Il a accepté ce poste de médecin coordonnateur d’EHPAD en toute connaissance de cause. Il n’en attendait rien de bien folichon, comparé à l’adrénaline des grands colloques où il intervenait et où il était applaudi par la profession. Mais il était temps de laisser place au renouvellement, à la tête du prestigieux service de neurologie qu’il dirigeait. Il est doté d’une grande quantité de dignité et d’éthique. Et en médecine, la dignité et l’éthique interdisent formellement de s’agripper à une place que Plus-jeune-et-plus-brillant-que-soi (du nom indien de son successeur neurologue) peut désormais mieux occuper et faire évoluer. Alors quand le poste s’est présenté, au sein de cette maison de retraite, il l’a pris. Un poste sans grand prestige, mais comprenant malgré tout quelques défis. Même s’il connaît bien les pathologies du vieillissement, Charles n’est pas gériatre de formation. Il allait devoir le devenir sur le tas et il aimait cette idée.
Il se doutait qu’il allait pas mal s’ennuyer. Et il en a eu très vite la confirmation. Nette et sans bavures. Pourtant, il reste discret sur le sujet. Ses commentaires seraient mal interprétés, sans doute pris pour de la condescendance. Son ennui n’est pas factuel, Charles a plein de boulot. C’est un ennui intellectuel. Il n’est plus confronté aux complexités passionnantes de la neurologie. Un soin d’escarre n’a pas grand-chose à voir avec une chirurgie éveillée du cerveau, il en est le premier désolé, mais c’est une réalité. Il n’est pas malheureux à l’EHPAD. C’est juste qu’il a été habitué à une tout autre pression, qui parfois lui pesait, mais qui aujourd’hui lui manque. Il se découvre versatile. Il n’y a pas d’âge pour les grandes prises de conscience.

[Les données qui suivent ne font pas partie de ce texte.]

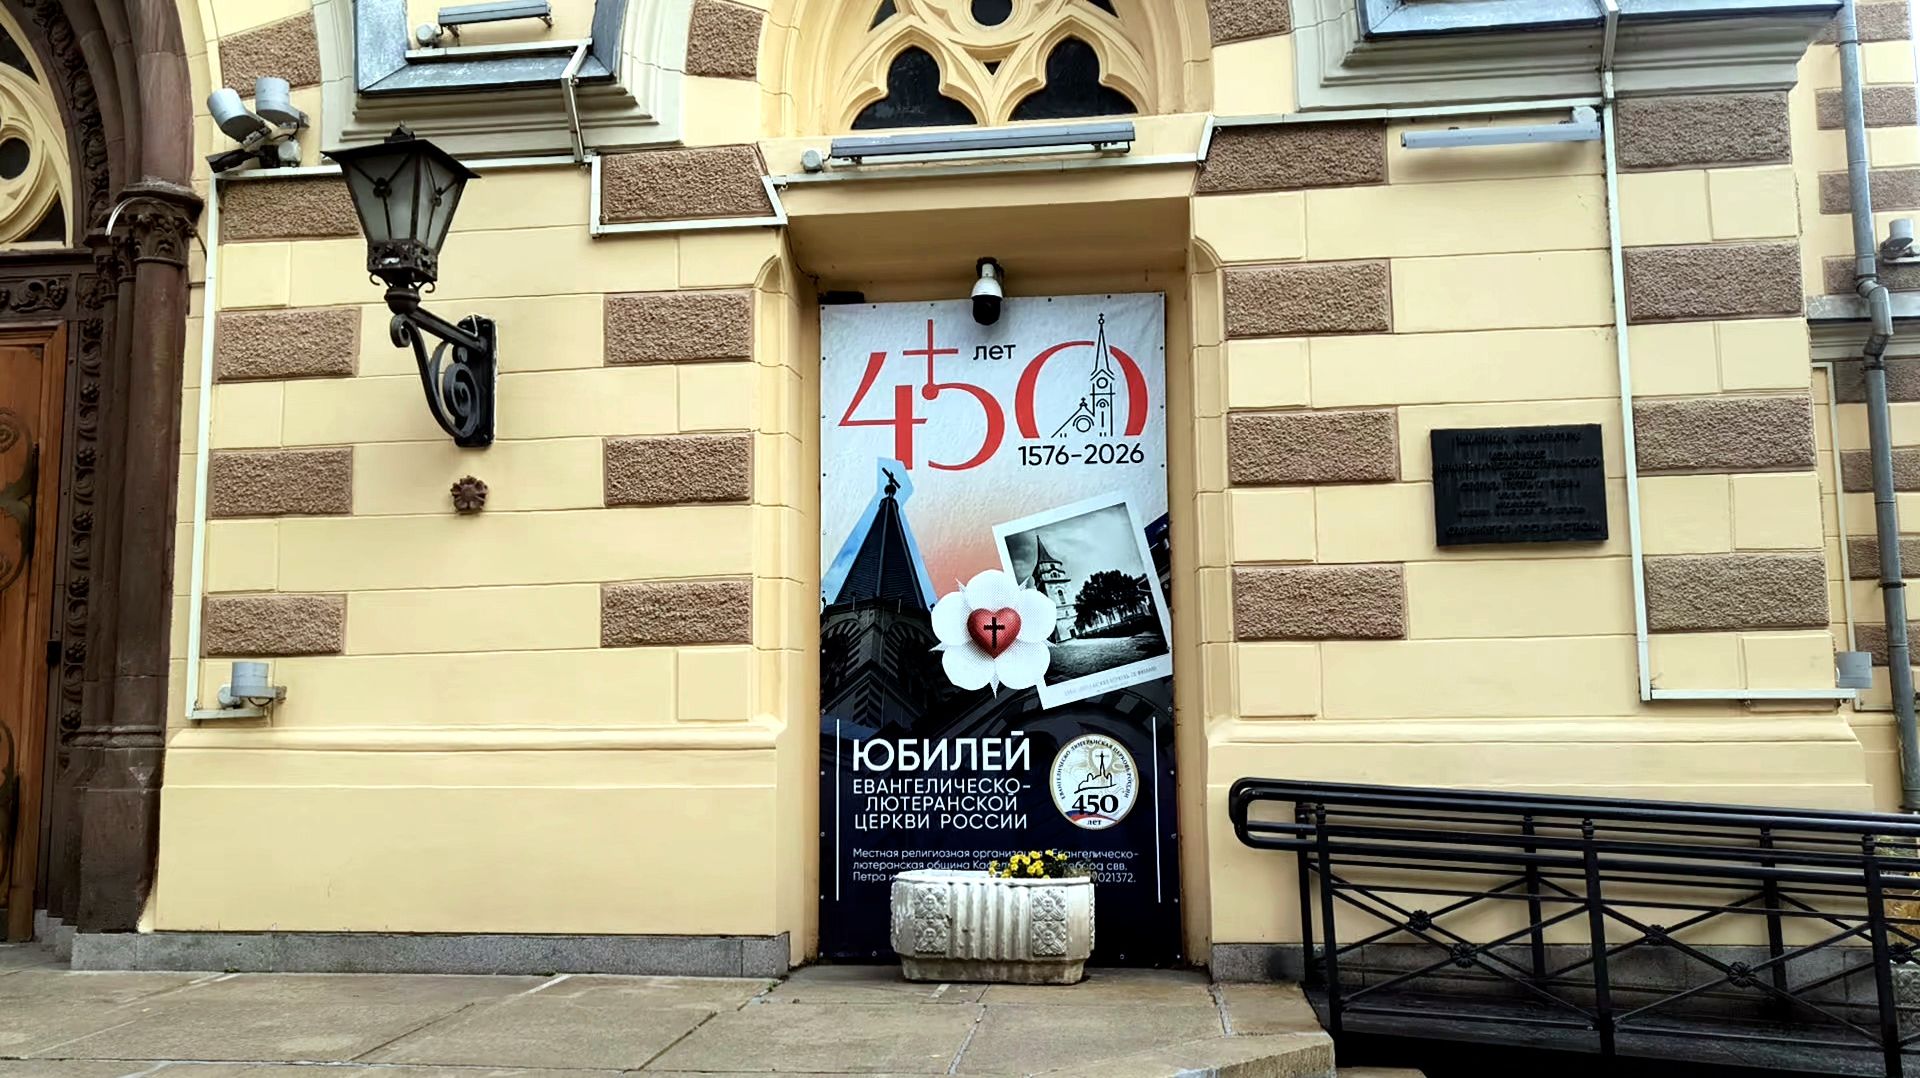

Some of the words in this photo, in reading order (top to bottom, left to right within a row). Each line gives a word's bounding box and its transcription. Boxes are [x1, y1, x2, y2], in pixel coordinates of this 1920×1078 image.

Son côté philosophe a d’emblée avancé qu’il y avait plus grave. Pour s’ennuyer, il faut avoir le luxe d’être en vie. L’emmerdement est donc un privilège. Son côté taquin a clamé qu’au pire, il se mettrait au tricot. Point mousse, ou jersey donc, il commencerait par le plus facile. Voire, il apprendrait les deux dans la foulée – pourquoi pas ? Soyons fous. Tricoter pour ses petits-enfants, même s’il n’en a pas encore, c’est une belle idée. Ou pour lui, tiens, allez. Pourquoi un grand ponte de neuro ne tricoterait-il pas ? Rien que pour voir la tête de certains, ce serait à tenter. De manière bien visible et bien flagrante, à la pause-café, ou en réunion, ça devrait avoir son charme.
Au-delà de tout, il a d’emblée trouvé amusant d’attendre la retraite dans un EHPAD. Il sera aux premières loges pour décrocher une belle piaule le jour où il atteindra la limite d’âge. Paf, directement du bureau du médecin au lit de la 45, du restaurant du personnel au repas mixé, des réunions d’équipe aux redifs de l’inspecteur Derrick. Lucidité anticipatrice, mentionnait-il précédemment. Elle est pas belle, sa vie ?
Il a, depuis toujours, un côté potache un peu con. Éliane, sa femme, a sur ce sujet un comportement paradoxal. Il lui est arrivé d’en rire, mais depuis le premier jour, elle ne cesse de répéter qu’il serait temps que l’humour bête lui passe. Une affirmation de plus en plus pincée, au fil des années, d’ailleurs. Il se demande encore si c’est une simple formule ou si elle le pense vraiment.
Comme si on était obligé de devenir sinistre avec les années.
Comme si les facéties n’étaient autorisées qu’en dessous d’un certain nombre de cheveux blancs et de rides.
Comme si l’âge impliquait d’être sérieux, raisonnable et plan-plan.
Comme si l’âge impliquait d’être vieux.
Conneries.
Il a eu des cheveux blancs trop tôt pour se ranger dès qu’ils sont apparus, et il a décidé depuis longtemps de laisser ses ambiguïtés à sa femme. De toute façon, être ambiguë est devenu, au fil du temps, un genre de seconde nature chez elle.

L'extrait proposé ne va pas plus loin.